In the meantime, I've already learnt of one new category that the transparency movement has mobilised to advance its claims. In this reply to me, Tony Bovaird makes the distinction between 'formally-validated expertise' and 'experience-based expertise'. In one sense, this is an abuse of the concept of 'expertise', as it implies that authority can be founded on the sheer possession of human consciousness ('experience' being something that is unavoidably accumulated). Andrew Keen's head would explode at the very suggestion. But it is an interesting and useful category for anyone wishing to challenge scientific or bureaucratic hierarchies.
I wonder if in time, we will see the rise of a related but subtly different category. OfCom and some other New Labour institutions speak of the 'citizen-consumer', to account for the public goods that can't be captured by the neo-classical definition of a public good. Might we soon see the rise of the 'consumer-expert'? Again, the concept could exist specifically to straddle economic and non-economic logics, in this instance regarding the nature of knowledge.

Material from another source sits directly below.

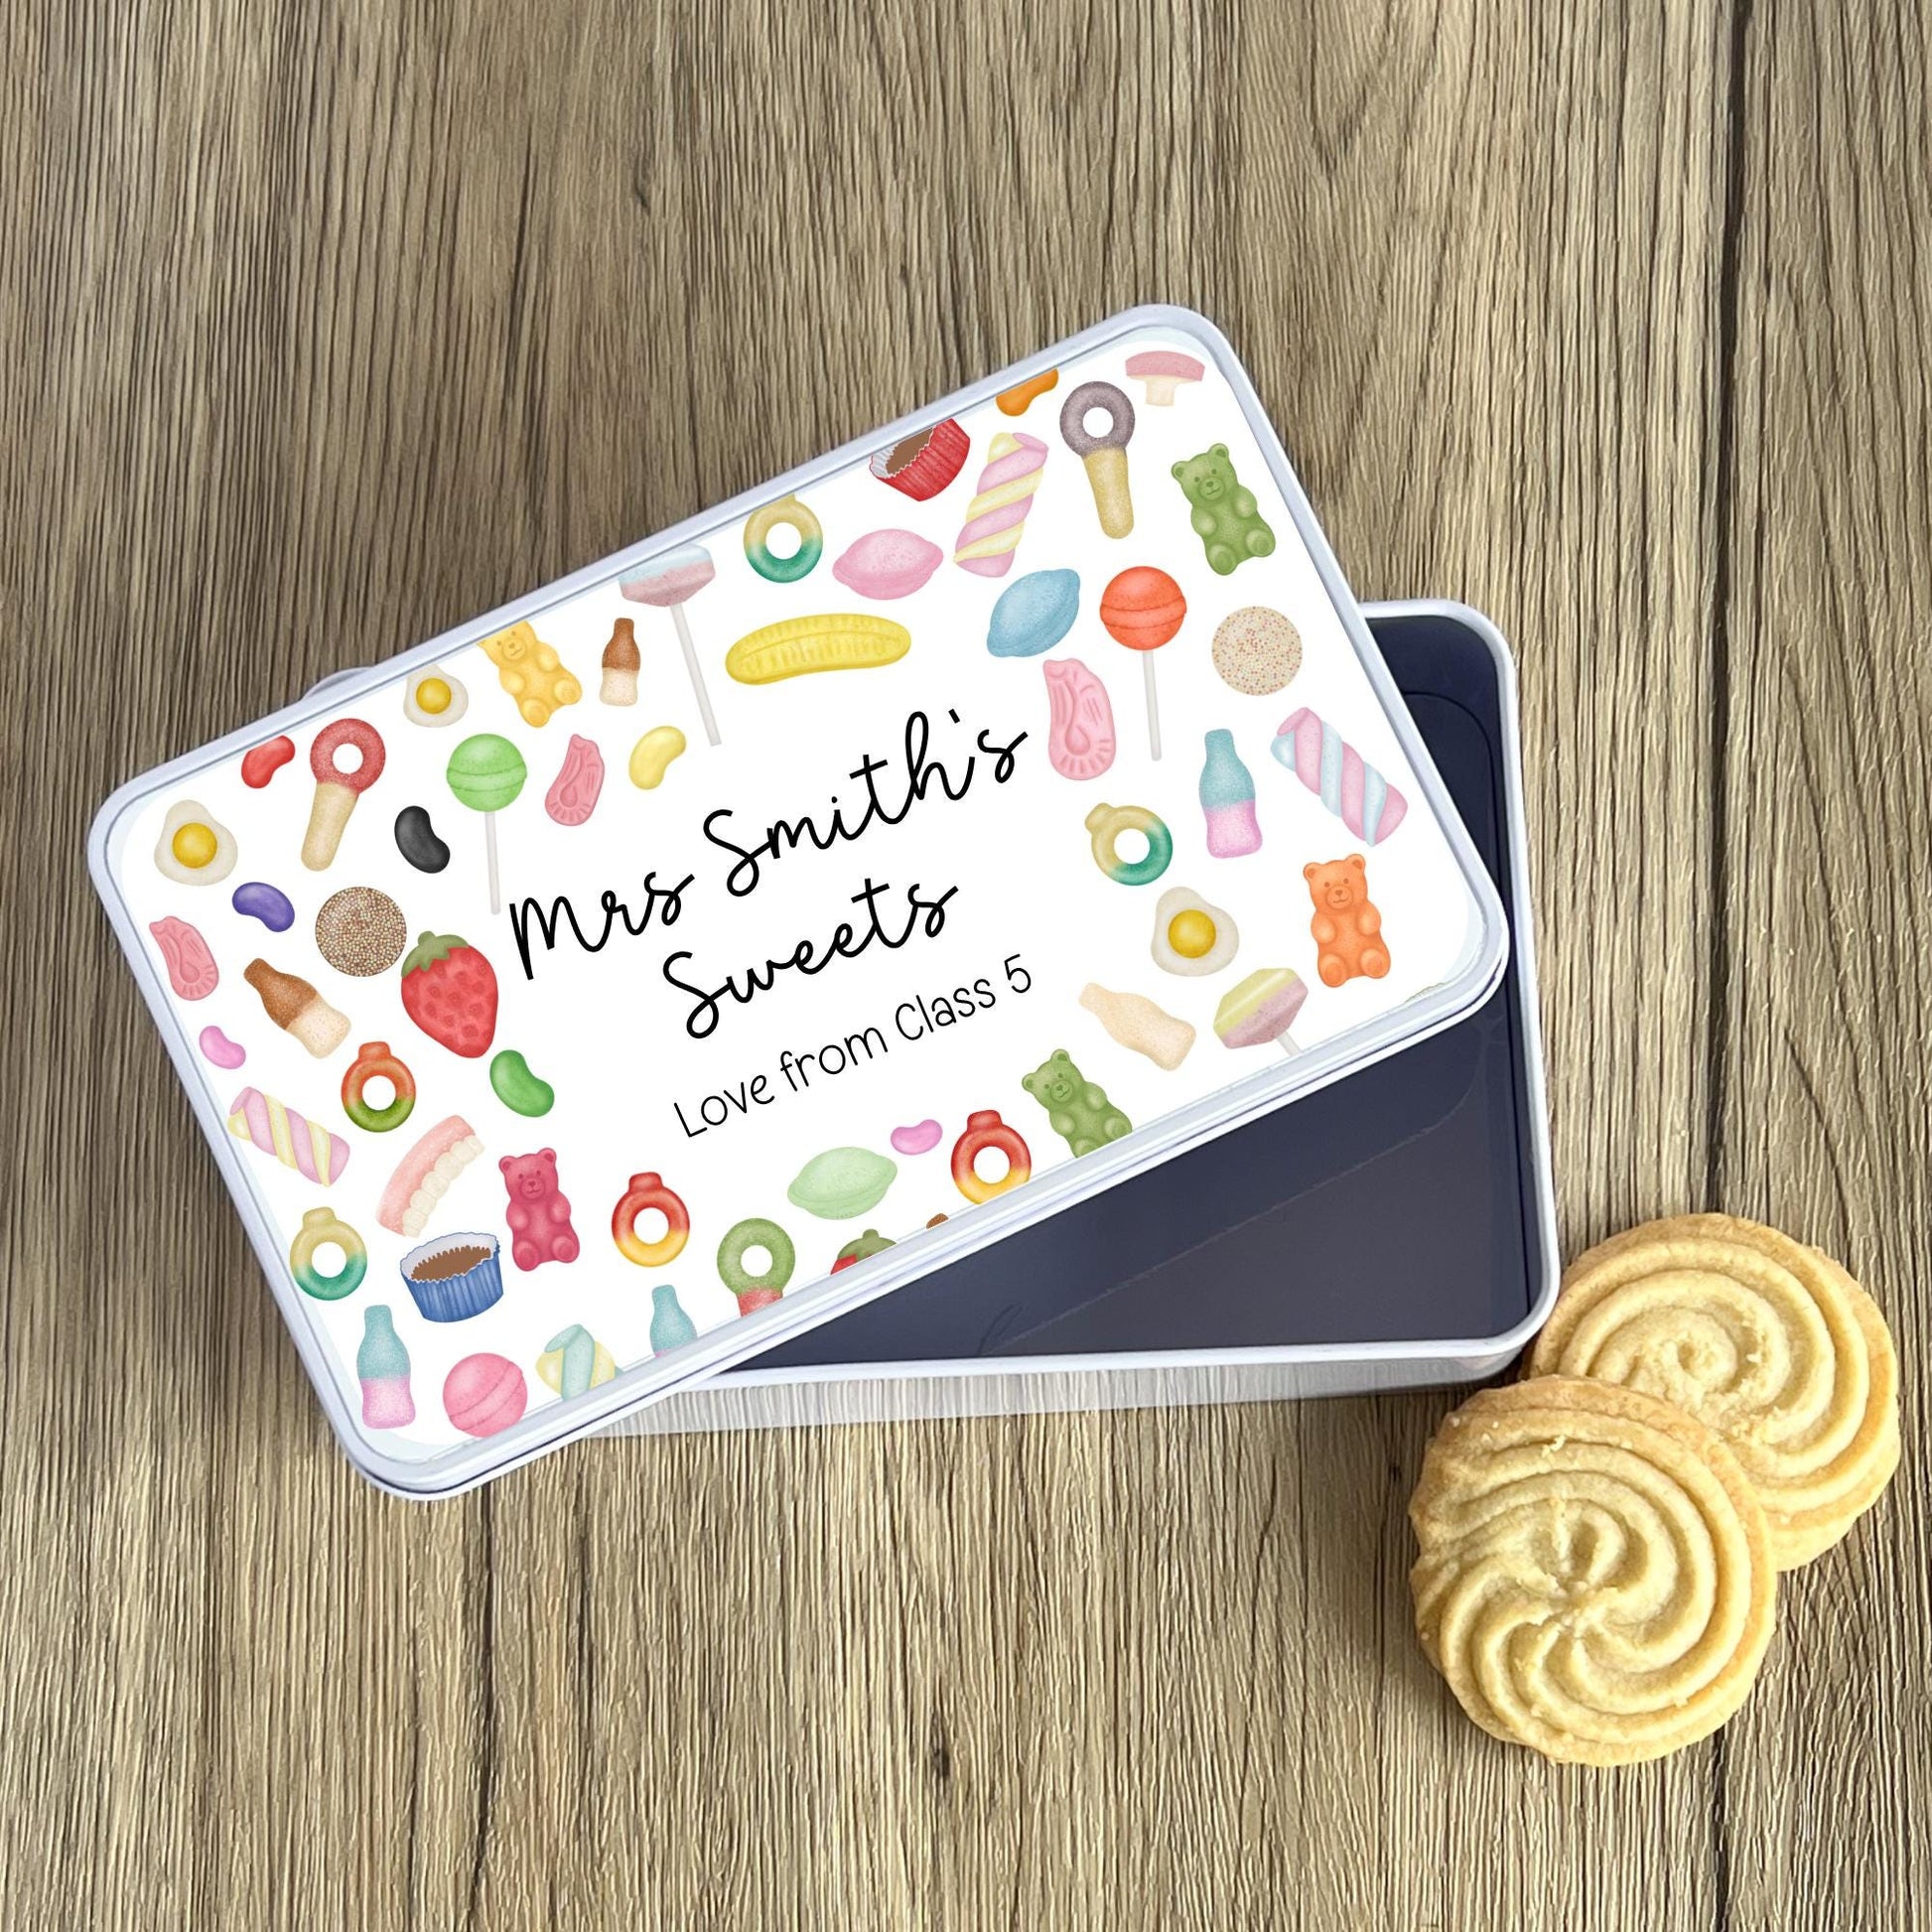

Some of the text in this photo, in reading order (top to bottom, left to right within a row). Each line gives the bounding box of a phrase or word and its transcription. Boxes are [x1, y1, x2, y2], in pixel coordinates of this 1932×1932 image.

[508, 708, 1029, 981] Mrs Smith's
[662, 878, 959, 1039] Sweets
[673, 953, 1032, 1138] Love from Class 5

The economist assumes that the consumer is correct, but only with regard to their own preferences; they know what they want. Beyond this, information is partial, rationality is bounded, the nature of reality is disputed. Prices are about the closest we can get to objectivity. But the consumer who possesses this oxymoronic 'experience-based expertise' has slightly more than just a perspective. They have a form of scientific authority by virtue of their consumption. Every time they use or consume a public service, they are accumulating data. The age of 'permanent audit' makes every consumer also a social scientist, assessing and surveying as they consume. The formal division between the representative sample and the represented social reality gradually fades, in ways that the science studies brigade would probably celebrate.